» **What the task asks**
Write out the listing exactly as it is given.

» **Data excerpts**
= Beginning of Section =
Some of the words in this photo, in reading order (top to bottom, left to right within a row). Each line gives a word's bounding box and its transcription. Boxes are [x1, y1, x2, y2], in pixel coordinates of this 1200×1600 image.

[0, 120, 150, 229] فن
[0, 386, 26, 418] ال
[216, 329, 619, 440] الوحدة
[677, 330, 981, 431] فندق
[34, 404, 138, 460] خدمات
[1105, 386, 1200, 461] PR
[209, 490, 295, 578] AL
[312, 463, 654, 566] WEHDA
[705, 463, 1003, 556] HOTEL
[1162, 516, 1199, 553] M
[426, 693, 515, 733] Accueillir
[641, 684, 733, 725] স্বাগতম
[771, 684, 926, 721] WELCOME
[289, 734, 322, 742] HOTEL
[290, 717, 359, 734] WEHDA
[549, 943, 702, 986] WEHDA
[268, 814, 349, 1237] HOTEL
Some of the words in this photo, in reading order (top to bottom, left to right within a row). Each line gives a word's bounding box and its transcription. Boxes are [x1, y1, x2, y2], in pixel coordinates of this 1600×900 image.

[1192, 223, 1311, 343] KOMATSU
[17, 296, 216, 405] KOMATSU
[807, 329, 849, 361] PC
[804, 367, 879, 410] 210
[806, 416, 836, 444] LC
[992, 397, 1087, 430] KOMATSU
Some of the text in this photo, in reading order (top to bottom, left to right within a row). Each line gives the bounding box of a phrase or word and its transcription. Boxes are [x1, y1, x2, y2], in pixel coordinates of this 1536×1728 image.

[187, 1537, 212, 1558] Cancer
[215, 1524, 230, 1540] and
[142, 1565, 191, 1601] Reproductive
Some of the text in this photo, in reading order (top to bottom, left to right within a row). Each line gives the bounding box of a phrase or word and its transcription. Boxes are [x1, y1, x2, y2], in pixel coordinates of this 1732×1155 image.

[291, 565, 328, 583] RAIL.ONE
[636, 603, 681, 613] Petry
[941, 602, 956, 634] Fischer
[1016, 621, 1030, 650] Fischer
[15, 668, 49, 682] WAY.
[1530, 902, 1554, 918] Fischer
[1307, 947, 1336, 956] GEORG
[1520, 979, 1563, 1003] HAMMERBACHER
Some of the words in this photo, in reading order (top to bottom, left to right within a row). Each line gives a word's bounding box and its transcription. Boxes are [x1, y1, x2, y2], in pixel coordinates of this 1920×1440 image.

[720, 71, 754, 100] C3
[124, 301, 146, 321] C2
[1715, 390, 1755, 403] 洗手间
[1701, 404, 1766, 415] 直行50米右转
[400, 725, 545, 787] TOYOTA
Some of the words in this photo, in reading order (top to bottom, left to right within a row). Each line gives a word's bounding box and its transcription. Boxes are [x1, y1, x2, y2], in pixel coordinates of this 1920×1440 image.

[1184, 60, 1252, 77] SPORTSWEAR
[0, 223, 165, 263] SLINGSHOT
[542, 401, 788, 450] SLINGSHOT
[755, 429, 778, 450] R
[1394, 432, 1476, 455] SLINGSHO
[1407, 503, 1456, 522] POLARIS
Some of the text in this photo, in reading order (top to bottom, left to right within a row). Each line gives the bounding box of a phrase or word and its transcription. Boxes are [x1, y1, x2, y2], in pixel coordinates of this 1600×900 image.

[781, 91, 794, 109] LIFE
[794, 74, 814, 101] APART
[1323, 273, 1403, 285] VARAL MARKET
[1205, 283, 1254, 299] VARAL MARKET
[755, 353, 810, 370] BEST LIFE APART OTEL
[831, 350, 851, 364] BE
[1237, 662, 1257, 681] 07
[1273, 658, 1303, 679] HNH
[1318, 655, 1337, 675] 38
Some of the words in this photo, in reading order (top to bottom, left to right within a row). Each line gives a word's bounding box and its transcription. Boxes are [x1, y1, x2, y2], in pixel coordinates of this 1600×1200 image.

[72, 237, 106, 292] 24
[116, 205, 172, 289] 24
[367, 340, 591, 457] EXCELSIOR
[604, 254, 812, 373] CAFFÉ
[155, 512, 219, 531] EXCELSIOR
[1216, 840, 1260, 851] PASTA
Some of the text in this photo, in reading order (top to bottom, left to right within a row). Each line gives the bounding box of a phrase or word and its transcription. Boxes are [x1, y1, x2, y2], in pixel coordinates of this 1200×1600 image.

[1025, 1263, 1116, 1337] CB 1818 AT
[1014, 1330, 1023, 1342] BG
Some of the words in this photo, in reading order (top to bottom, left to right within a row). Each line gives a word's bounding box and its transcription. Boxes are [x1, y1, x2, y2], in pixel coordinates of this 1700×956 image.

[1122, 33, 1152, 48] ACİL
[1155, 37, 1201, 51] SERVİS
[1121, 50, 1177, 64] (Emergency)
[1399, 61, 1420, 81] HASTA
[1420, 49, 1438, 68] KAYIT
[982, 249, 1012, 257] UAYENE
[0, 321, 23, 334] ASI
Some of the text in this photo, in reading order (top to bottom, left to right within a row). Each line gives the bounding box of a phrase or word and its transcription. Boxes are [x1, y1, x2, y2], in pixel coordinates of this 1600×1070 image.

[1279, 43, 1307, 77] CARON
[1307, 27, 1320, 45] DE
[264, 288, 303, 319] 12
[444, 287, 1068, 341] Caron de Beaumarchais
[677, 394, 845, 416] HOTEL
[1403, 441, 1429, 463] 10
= End of Section =
» **Solution to this task**
Some of the words in this photo, in reading order (top to bottom, left to right within a row). Each line gives a word's bounding box and its transcription. Boxes are [x1, y1, x2, y2], in pixel coordinates of this 1200×1600 image.

[0, 120, 150, 229] فن
[0, 386, 26, 418] ال
[216, 329, 619, 440] الوحدة
[677, 330, 981, 431] فندق
[34, 404, 138, 460] خدمات
[1105, 386, 1200, 461] PR
[209, 490, 295, 578] AL
[312, 463, 654, 566] WEHDA
[705, 463, 1003, 556] HOTEL
[1162, 516, 1199, 553] M
[426, 693, 515, 733] Accueillir
[641, 684, 733, 725] স্বাগতম
[771, 684, 926, 721] WELCOME
[289, 734, 322, 742] HOTEL
[290, 717, 359, 734] WEHDA
[549, 943, 702, 986] WEHDA
[268, 814, 349, 1237] HOTEL
Some of the words in this photo, in reading order (top to bottom, left to right within a row). Each line gives a word's bounding box and its transcription. Boxes are [x1, y1, x2, y2], in pixel coordinates of this 1600×900 image.

[1192, 223, 1311, 343] KOMATSU
[17, 296, 216, 405] KOMATSU
[807, 329, 849, 361] PC
[804, 367, 879, 410] 210
[806, 416, 836, 444] LC
[992, 397, 1087, 430] KOMATSU
Some of the text in this photo, in reading order (top to bottom, left to right within a row). Each line gives the bounding box of a phrase or word and its transcription. Boxes are [x1, y1, x2, y2], in pixel coordinates of this 1536×1728 image.

[187, 1537, 212, 1558] Cancer
[215, 1524, 230, 1540] and
[142, 1565, 191, 1601] Reproductive
Some of the text in this photo, in reading order (top to bottom, left to right within a row). Each line gives the bounding box of a phrase or word and its transcription. Boxes are [x1, y1, x2, y2], in pixel coordinates of this 1732×1155 image.

[291, 565, 328, 583] RAIL.ONE
[636, 603, 681, 613] Petry
[941, 602, 956, 634] Fischer
[1016, 621, 1030, 650] Fischer
[15, 668, 49, 682] WAY.
[1530, 902, 1554, 918] Fischer
[1307, 947, 1336, 956] GEORG
[1520, 979, 1563, 1003] HAMMERBACHER
Some of the words in this photo, in reading order (top to bottom, left to right within a row). Each line gives a word's bounding box and its transcription. Boxes are [x1, y1, x2, y2], in pixel coordinates of this 1920×1440 image.

[720, 71, 754, 100] C3
[124, 301, 146, 321] C2
[1715, 390, 1755, 403] 洗手间
[1701, 404, 1766, 415] 直行50米右转
[400, 725, 545, 787] TOYOTA
Some of the words in this photo, in reading order (top to bottom, left to right within a row). Each line gives a word's bounding box and its transcription. Boxes are [x1, y1, x2, y2], in pixel coordinates of this 1920×1440 image.

[1184, 60, 1252, 77] SPORTSWEAR
[0, 223, 165, 263] SLINGSHOT
[542, 401, 788, 450] SLINGSHOT
[755, 429, 778, 450] R
[1394, 432, 1476, 455] SLINGSHO
[1407, 503, 1456, 522] POLARIS
Some of the text in this photo, in reading order (top to bottom, left to right within a row). Each line gives the bounding box of a phrase or word and its transcription. Boxes are [x1, y1, x2, y2], in pixel coordinates of this 1600×900 image.

[781, 91, 794, 109] LIFE
[794, 74, 814, 101] APART
[1323, 273, 1403, 285] VARAL MARKET
[1205, 283, 1254, 299] VARAL MARKET
[755, 353, 810, 370] BEST LIFE APART OTEL
[831, 350, 851, 364] BE
[1237, 662, 1257, 681] 07
[1273, 658, 1303, 679] HNH
[1318, 655, 1337, 675] 38
Some of the words in this photo, in reading order (top to bottom, left to right within a row). Each line gives a word's bounding box and its transcription. Boxes are [x1, y1, x2, y2], in pixel coordinates of this 1600×1200 image.

[72, 237, 106, 292] 24
[116, 205, 172, 289] 24
[367, 340, 591, 457] EXCELSIOR
[604, 254, 812, 373] CAFFÉ
[155, 512, 219, 531] EXCELSIOR
[1216, 840, 1260, 851] PASTA
Some of the text in this photo, in reading order (top to bottom, left to right within a row). Each line gives the bounding box of a phrase or word and its transcription. Boxes are [x1, y1, x2, y2], in pixel coordinates of this 1200×1600 image.

[1025, 1263, 1116, 1337] CB 1818 AT
[1014, 1330, 1023, 1342] BG
Some of the words in this photo, in reading order (top to bottom, left to right within a row). Each line gives a word's bounding box and its transcription. Boxes are [x1, y1, x2, y2], in pixel coordinates of this 1700×956 image.

[1122, 33, 1152, 48] ACİL
[1155, 37, 1201, 51] SERVİS
[1121, 50, 1177, 64] (Emergency)
[1399, 61, 1420, 81] HASTA
[1420, 49, 1438, 68] KAYIT
[982, 249, 1012, 257] UAYENE
[0, 321, 23, 334] ASI
Some of the text in this photo, in reading order (top to bottom, left to right within a row). Each line gives the bounding box of a phrase or word and its transcription. Boxes are [x1, y1, x2, y2], in pixel coordinates of this 1600×1070 image.

[1279, 43, 1307, 77] CARON
[1307, 27, 1320, 45] DE
[264, 288, 303, 319] 12
[444, 287, 1068, 341] Caron de Beaumarchais
[677, 394, 845, 416] HOTEL
[1403, 441, 1429, 463] 10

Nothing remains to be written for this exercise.